The problem is not so much that rural Africans can't afford laptops, as that they have no clue what to do with them, no use for them, and nothing to power them with, and are too busy fighting off corrupt government troops and gathering firewood to update their Livejournal blogs anyway.

I'm cynical about this because I spent years researching alternative technologies like this and tried to get a job in that area, only to be defeated because nobody actually wants them. So I got a regular job and spent my money on beer and drugs like my fellow monkeys.

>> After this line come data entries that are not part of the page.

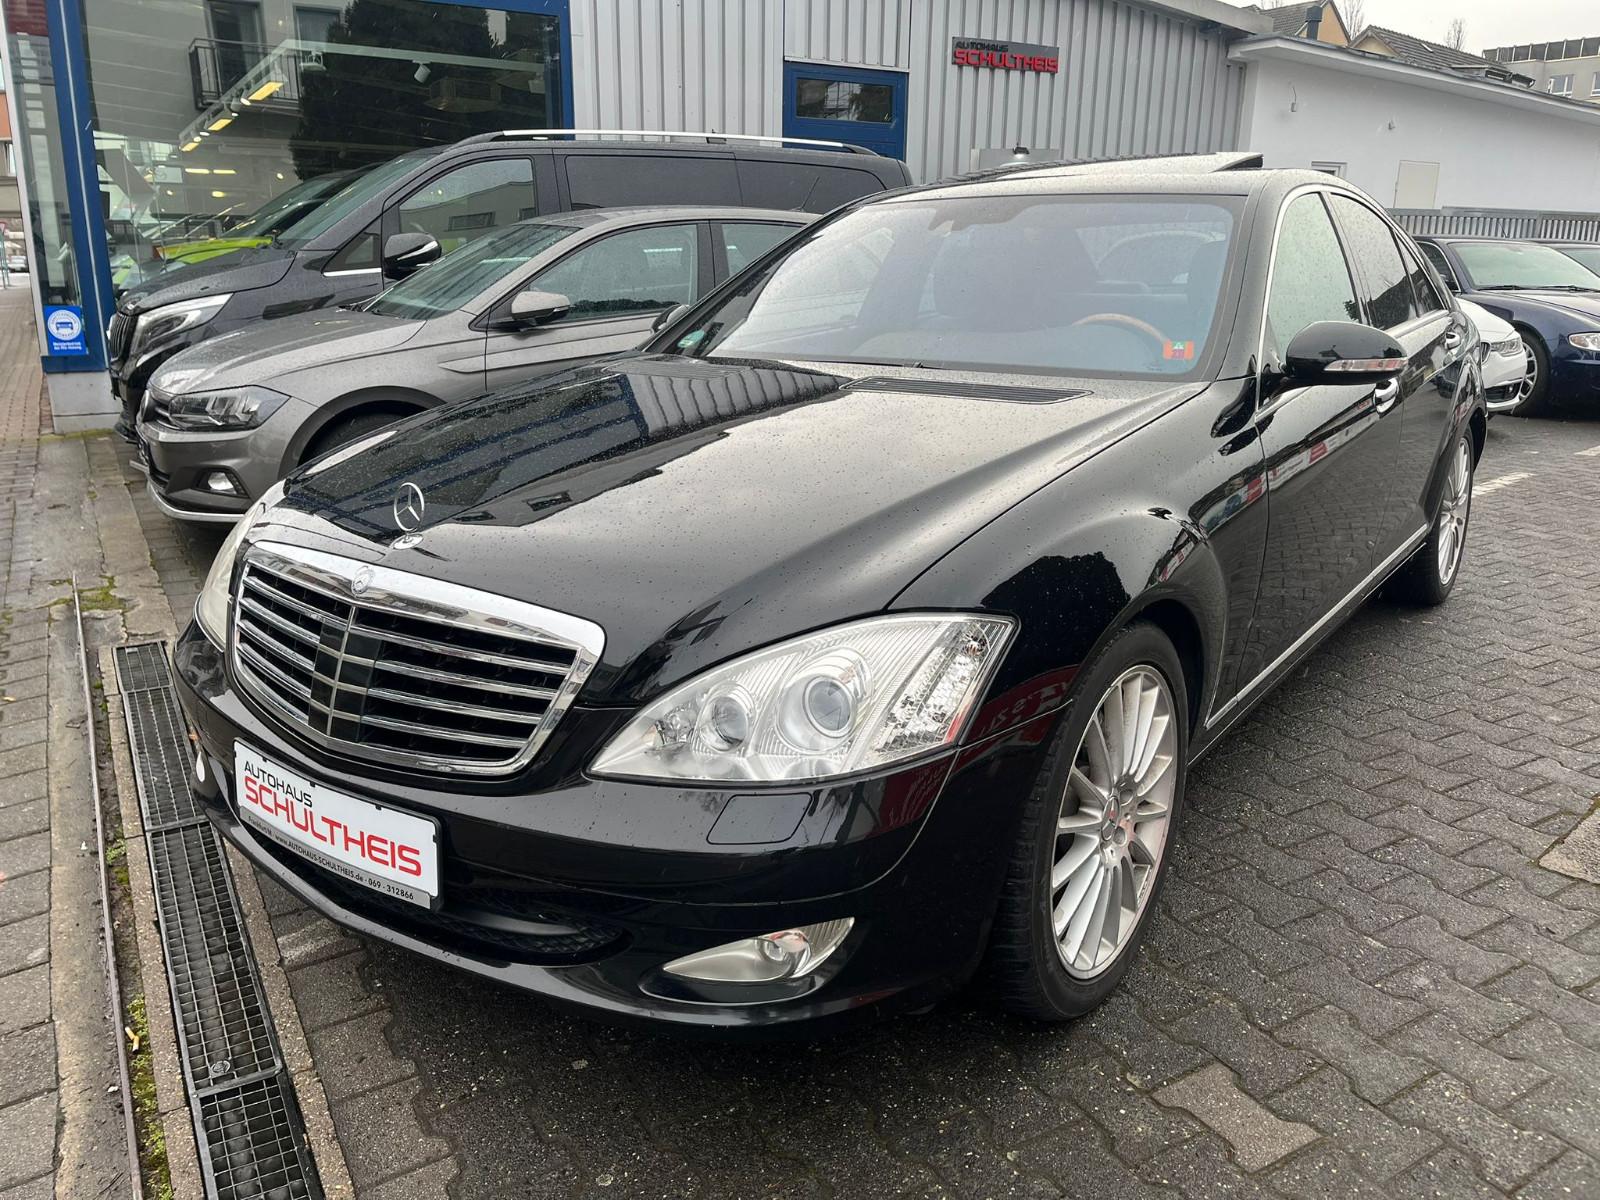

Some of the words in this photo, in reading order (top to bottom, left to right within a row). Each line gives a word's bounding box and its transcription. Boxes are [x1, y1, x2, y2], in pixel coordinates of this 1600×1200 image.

[955, 41, 1008, 52] AUTOHAUS
[954, 48, 1059, 73] SCHULTHEIS
[244, 761, 313, 808] AUTOHAUS
[244, 775, 421, 877] SCHULTHEIS
[368, 878, 381, 889] 069
[386, 885, 414, 900] 312866
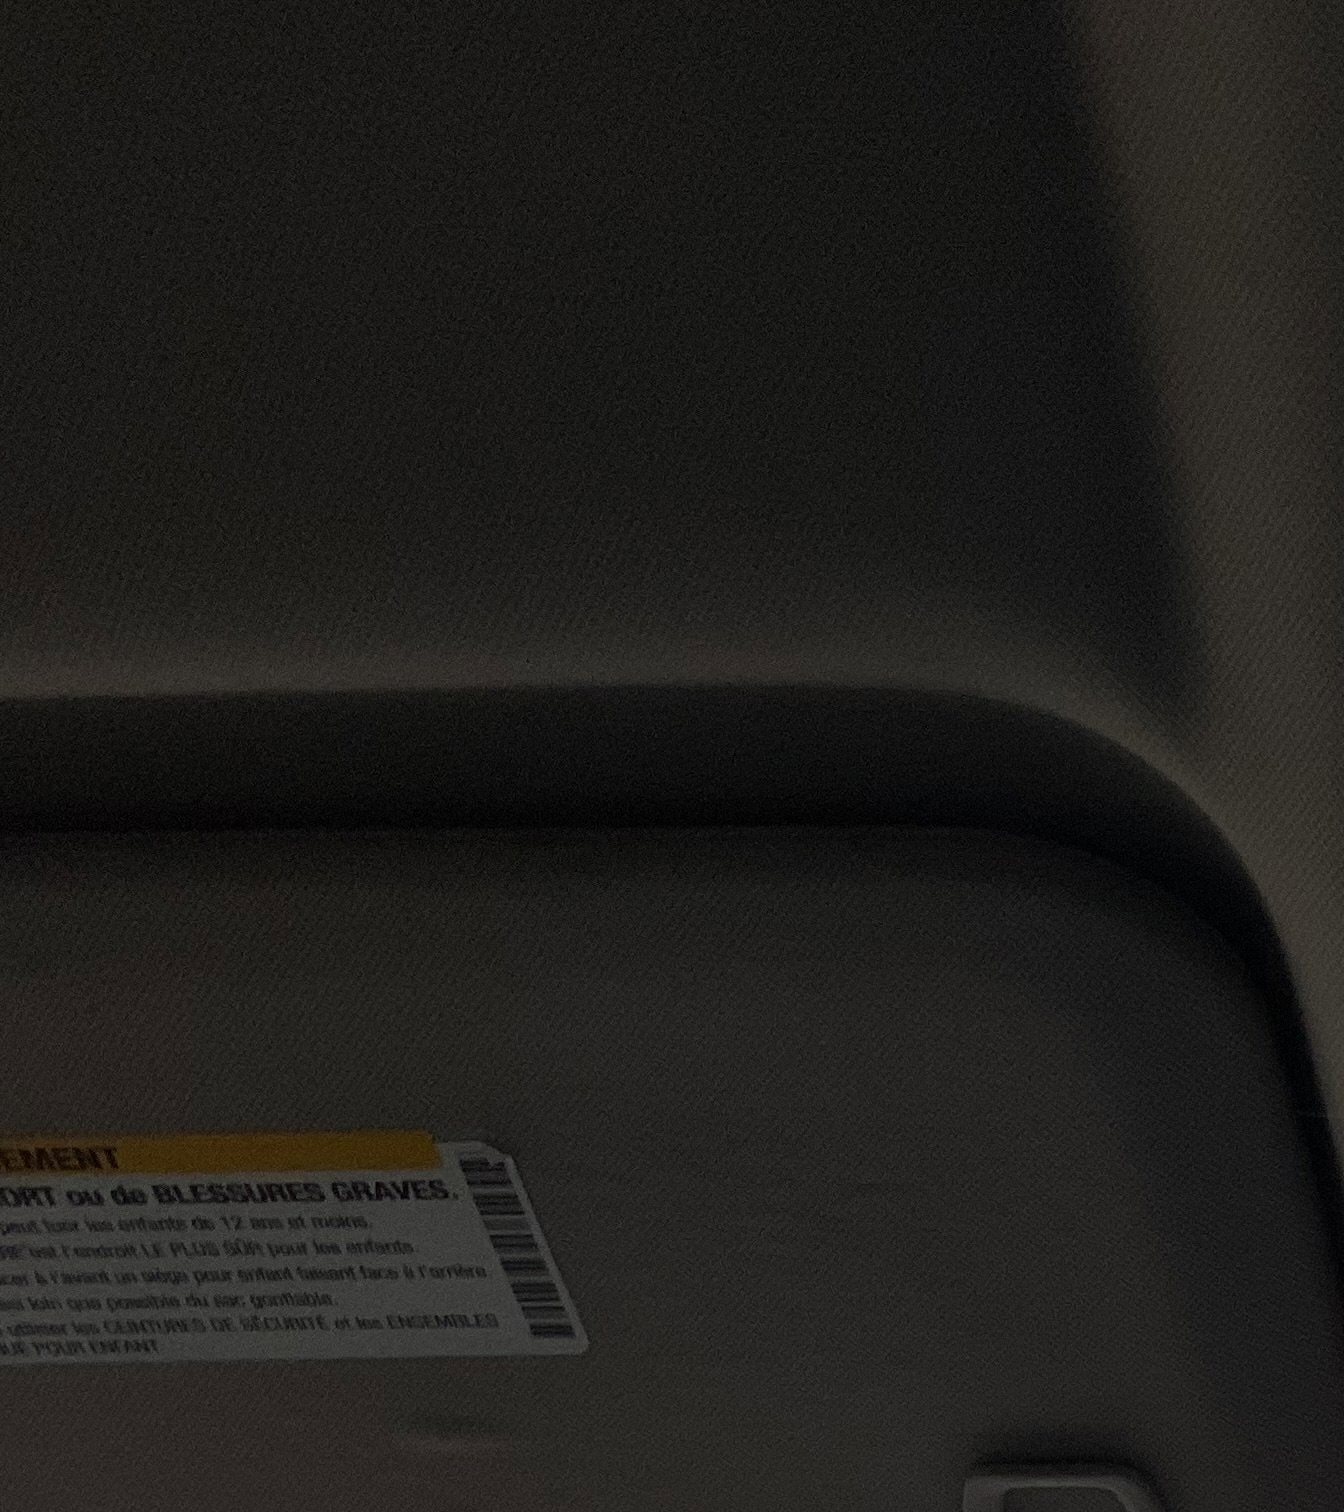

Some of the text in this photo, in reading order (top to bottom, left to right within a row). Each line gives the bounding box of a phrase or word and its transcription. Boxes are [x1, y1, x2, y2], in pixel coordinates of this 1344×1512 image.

If you're interested in this kind of thing, the buzzword/search term is appropriate or intermediate technology: Link2


I'm going to guess that Bjoern's idea of appropriate technology involves ARM instead of AMD wink He is actually right. As far as I know, Palm and Psion type handhelds turned out to be very good solutions. They don't have fragile hard drives, are light to carry when you're walking 20 miles through thick jungle, and the efficient ARM processor lets them run for days off a couple of AA batteries, which you can get just about anywhere in the world. The Indian Simputer project did in fact use an ARM, but China are going with the Chinese-designed Godson CPU for theirs Link2

*edit* I found the hardware spec for the $100 laptop: Link2 It actually seems much closer in spirit to a palmtop than a regular laptop, and you could almost call it "appropriate" with the right pair of rose-tinted glasses. The CPU isn't ARM, but it's an AMD Geode which is close enough.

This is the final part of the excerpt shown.